Pregnancy Headaches And Preeclampsia
Preeclampsia, previously known as toxemia, usually occurs during the second or third trimester. It may be associated with abnormal interactions of blood vessels supplying the placenta. While some patients remain asymptomatic, general signs and symptoms include elevated blood pressure, headaches, blurred vision and abdominal pain. Treatment varies from bed rest to premature delivery, depending on the severity of the condition and age of fetus.
Published in the journal Neurology, lead author Matthew S. Robbins, M.D., Director of Inpatient Services at Montefiore Headache Center, Chief of Neurology at Jack D. Weiler Hospital of Montefiore, and Associate Professor of Clinical Neurology at Einstein said that headaches during pregnancy were fairly common. This often makes distinguishing a persistent, preexisting migraine from a pregnancy-related headache difficult.
Data Analysis And Results
Dr Robbins and her team analyzed records of all pregnant women, with headaches, who had been referred for neurological consultation at the Weiler Hospital over the course of five years. This comprised of 140 women with an approximate age of 29. Majority of the patients were African-American or Hispanic.

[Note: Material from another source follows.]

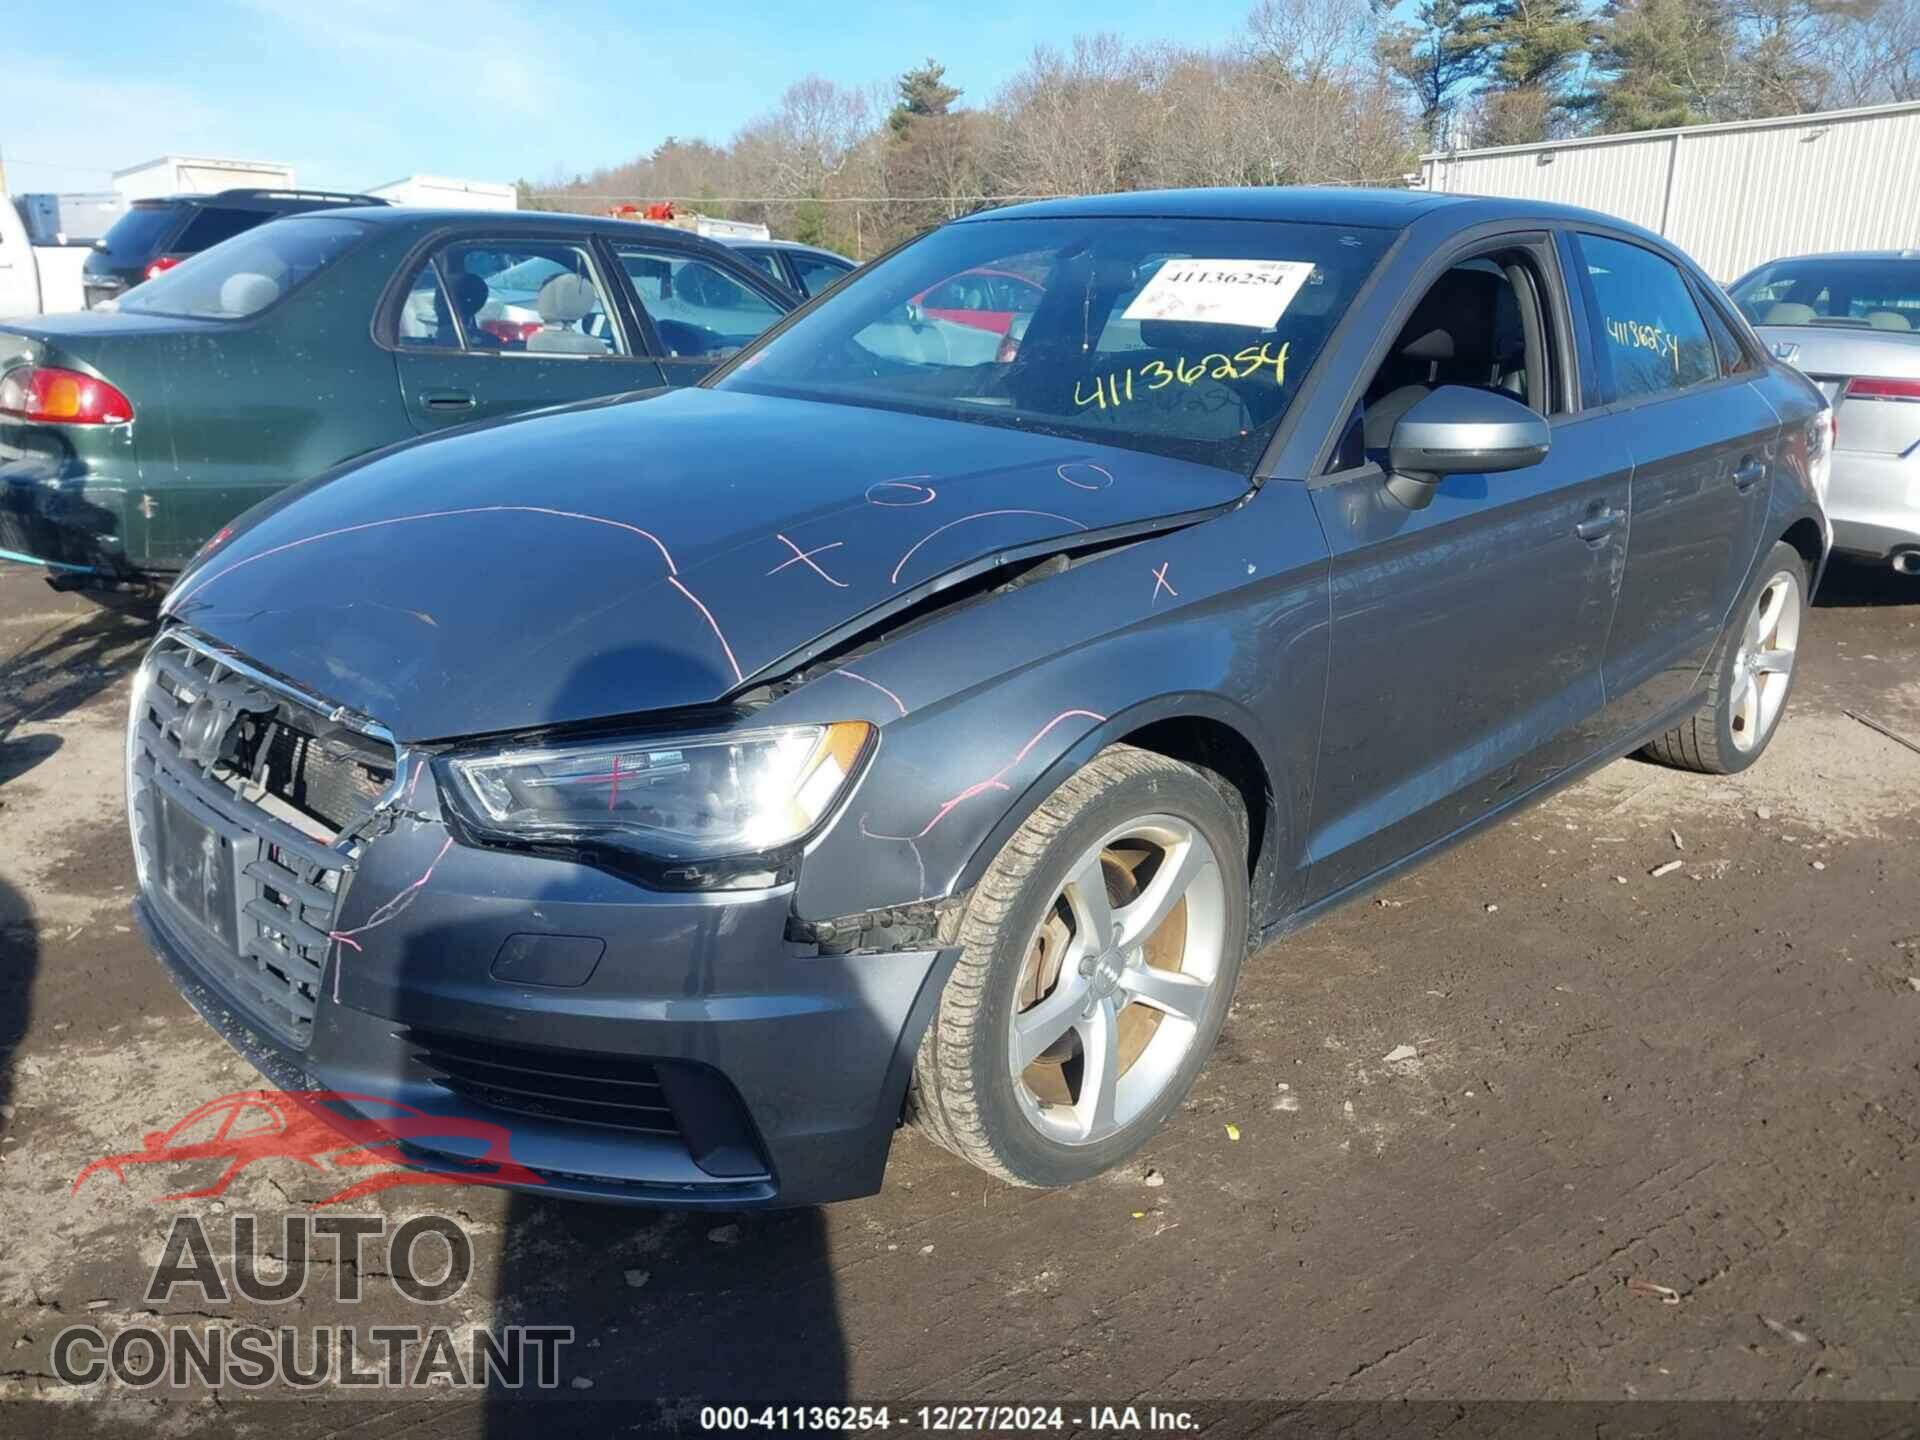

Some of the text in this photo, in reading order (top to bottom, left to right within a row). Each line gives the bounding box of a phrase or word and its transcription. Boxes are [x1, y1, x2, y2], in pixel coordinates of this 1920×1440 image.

[1167, 271, 1285, 287] 41136254
[1606, 316, 1681, 375] 41136254
[1073, 341, 1291, 410] 41136254

Of the total participants, 91 women had primary headaches, of which 90 percent were migraine. Of the 49 women with secondary headaches, 51 percent were diagnosed with pregnancy-induced hypertension, including 38 percent with preeclampsia.

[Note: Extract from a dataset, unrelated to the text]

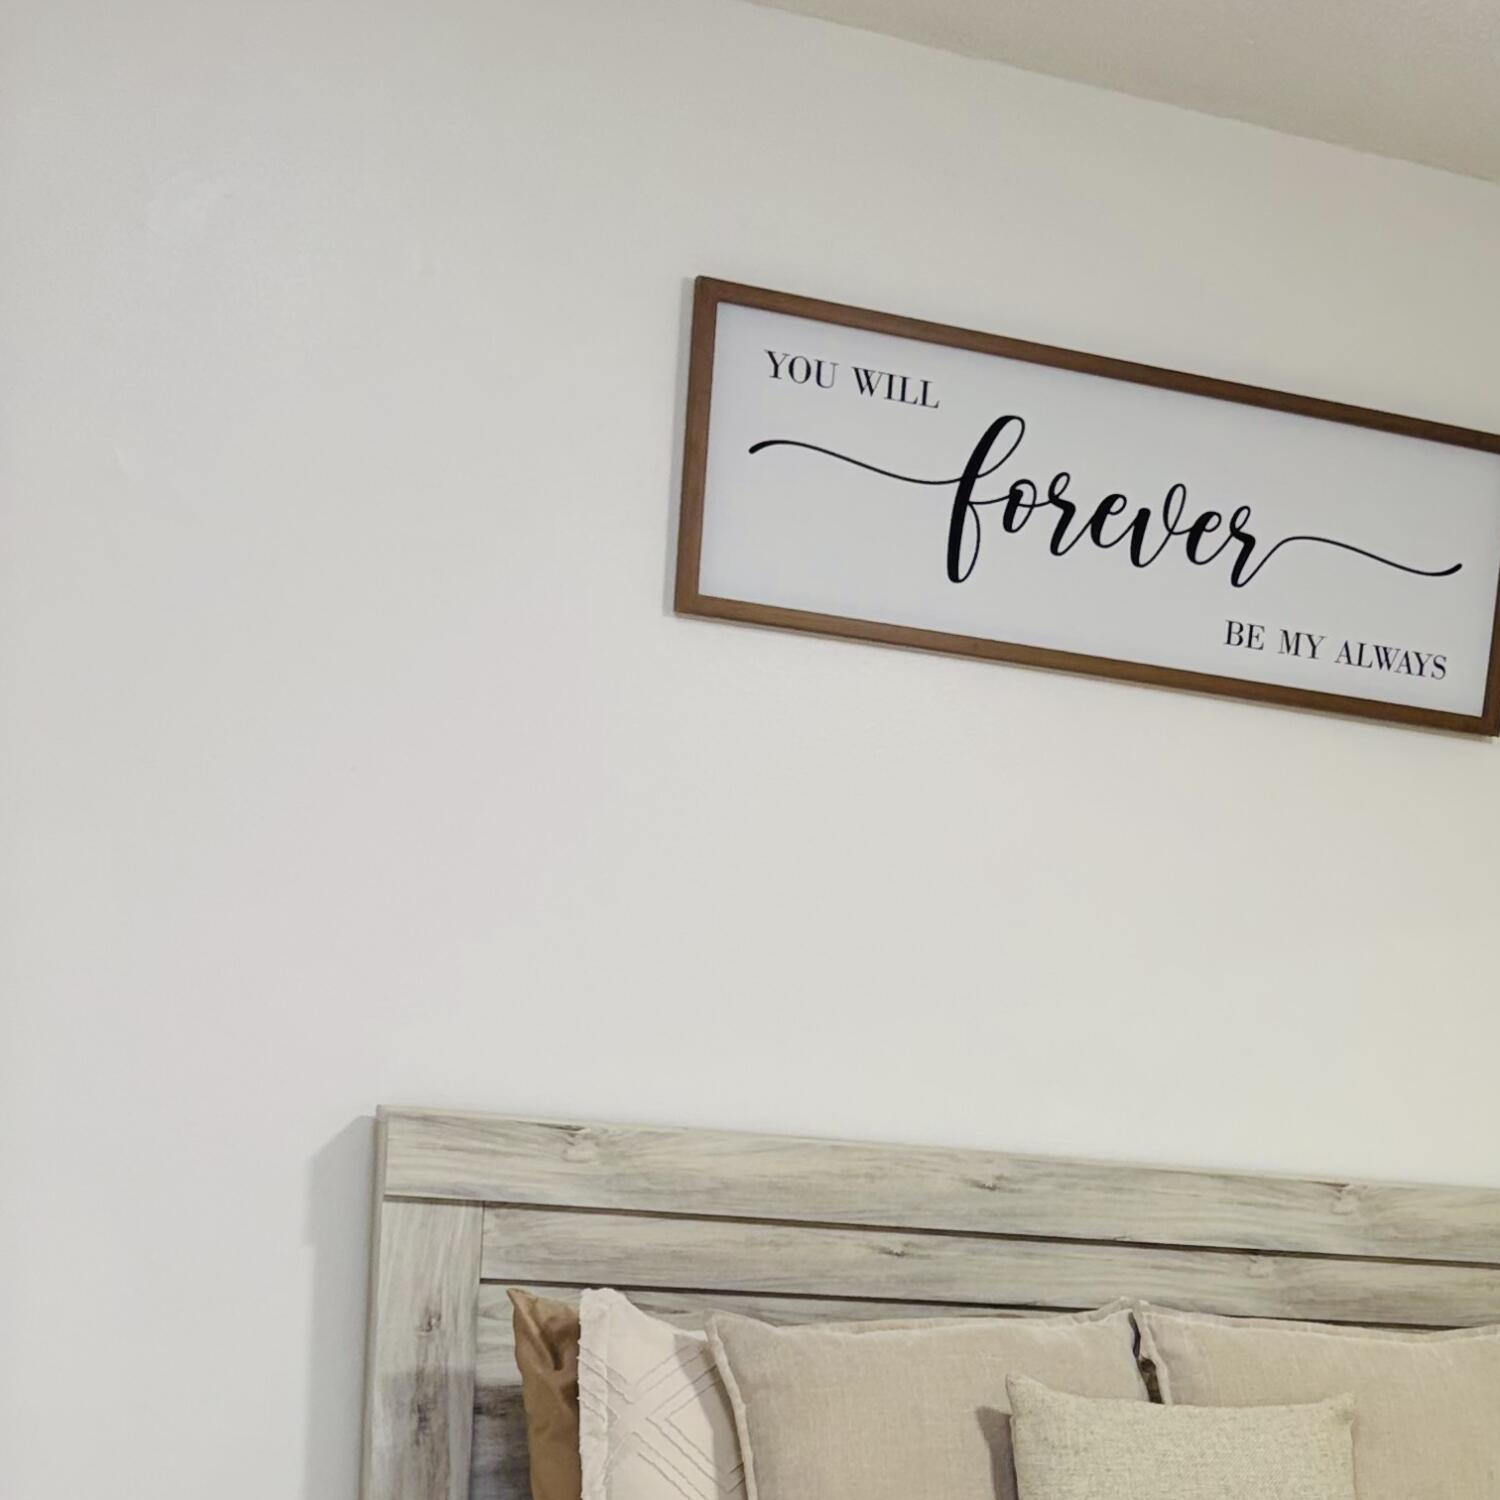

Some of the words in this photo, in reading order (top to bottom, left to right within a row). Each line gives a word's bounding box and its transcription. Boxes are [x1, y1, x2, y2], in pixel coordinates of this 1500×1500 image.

Strong Connection Established: Headache In Pregnancy
The most significant marker of a secondary headache in pregnant women was found to be high blood pressure. Compared with pregnant women who had a headache but normal blood pressure, women with both these conditions were at a 17-fold increased chance of having some underlying condition or combination – in most cases, preeclampsia.
Moreover, another important aspect to consider during pregnancy-related headaches was a history of such occurrences. If there is no prior history, there is a five-fold increased chance that the secondary headache is due to some other major problem. Other warning signs and symptoms observed during the study were fever, seizures and psychiatric issues.
“Our study suggests that physicians must pay close attention to a pregnant woman presenting with a severe headache, especially if it accompanies elevated blood pressure or no prior history of headache. Such patients should be immediately referred for neuroimaging and monitoring for preeclampsia”, said Dr Robbins.